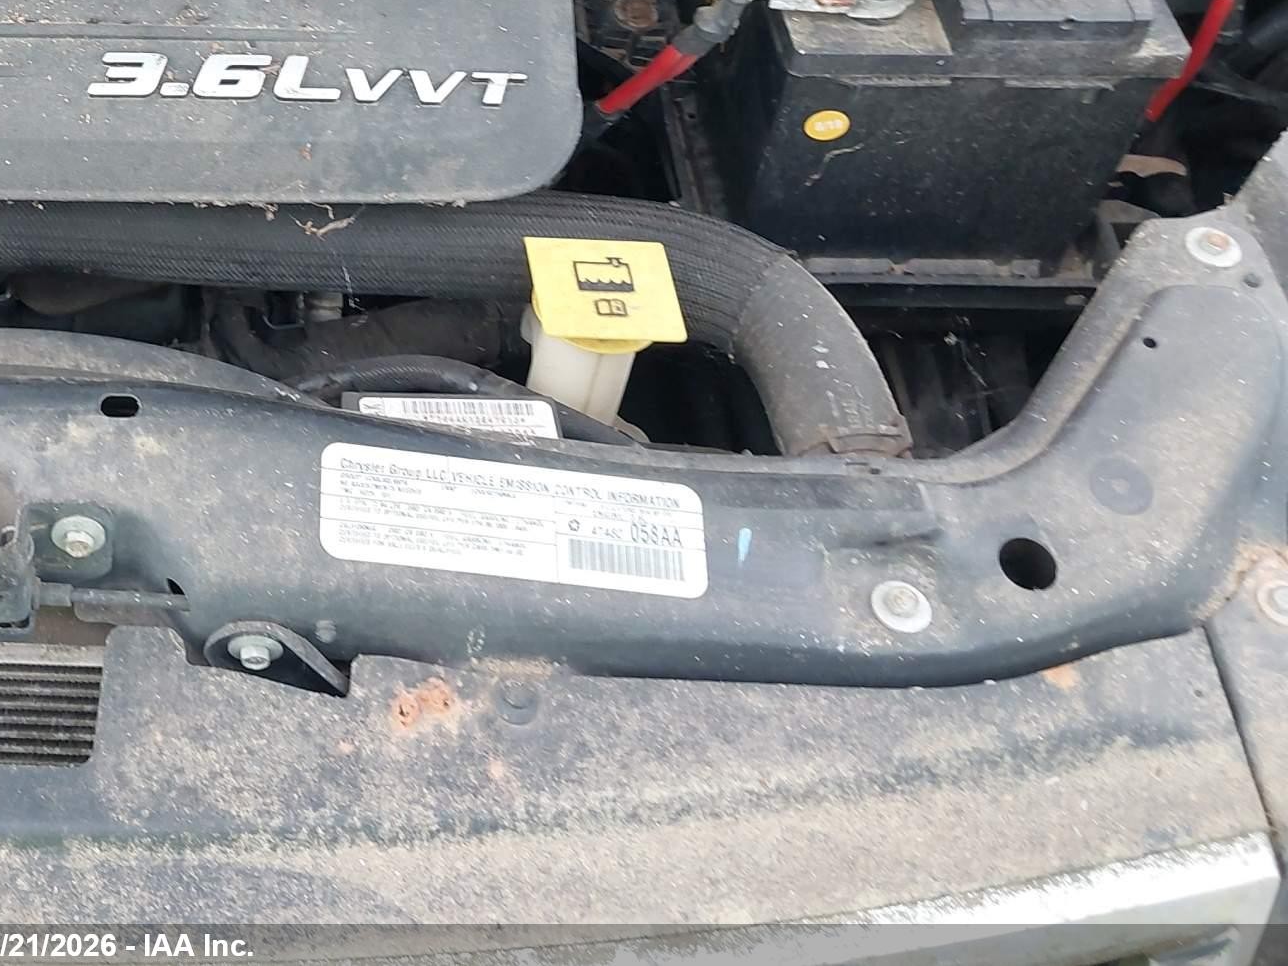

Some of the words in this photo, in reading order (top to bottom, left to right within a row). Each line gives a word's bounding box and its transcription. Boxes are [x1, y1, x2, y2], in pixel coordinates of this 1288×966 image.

[87, 52, 342, 102] 3.6L
[344, 67, 529, 106] VVT
[339, 457, 385, 474] Chrysler
[389, 463, 422, 480] Group
[425, 468, 446, 481] LLC
[451, 471, 495, 487] VEHICLE
[500, 476, 550, 493] EMISSION
[607, 490, 681, 509] INFORMATION

◇ ◇ ◇ ◇ ◇

- [WHAT THIS TASK INVOLVES]: From the first line to the last, please copy the data exactly, with the pictures left out.

- [EXERCISE RESPONSE]:
Some of the words in this photo, in reading order (top to bottom, left to right within a row). Each line gives a word's bounding box and its transcription. Boxes are [x1, y1, x2, y2], in pixel coordinates of this 1288×966 image.

[87, 52, 342, 102] 3.6L
[344, 67, 529, 106] VVT
[339, 457, 385, 474] Chrysler
[389, 463, 422, 480] Group
[425, 468, 446, 481] LLC
[451, 471, 495, 487] VEHICLE
[500, 476, 550, 493] EMISSION
[607, 490, 681, 509] INFORMATION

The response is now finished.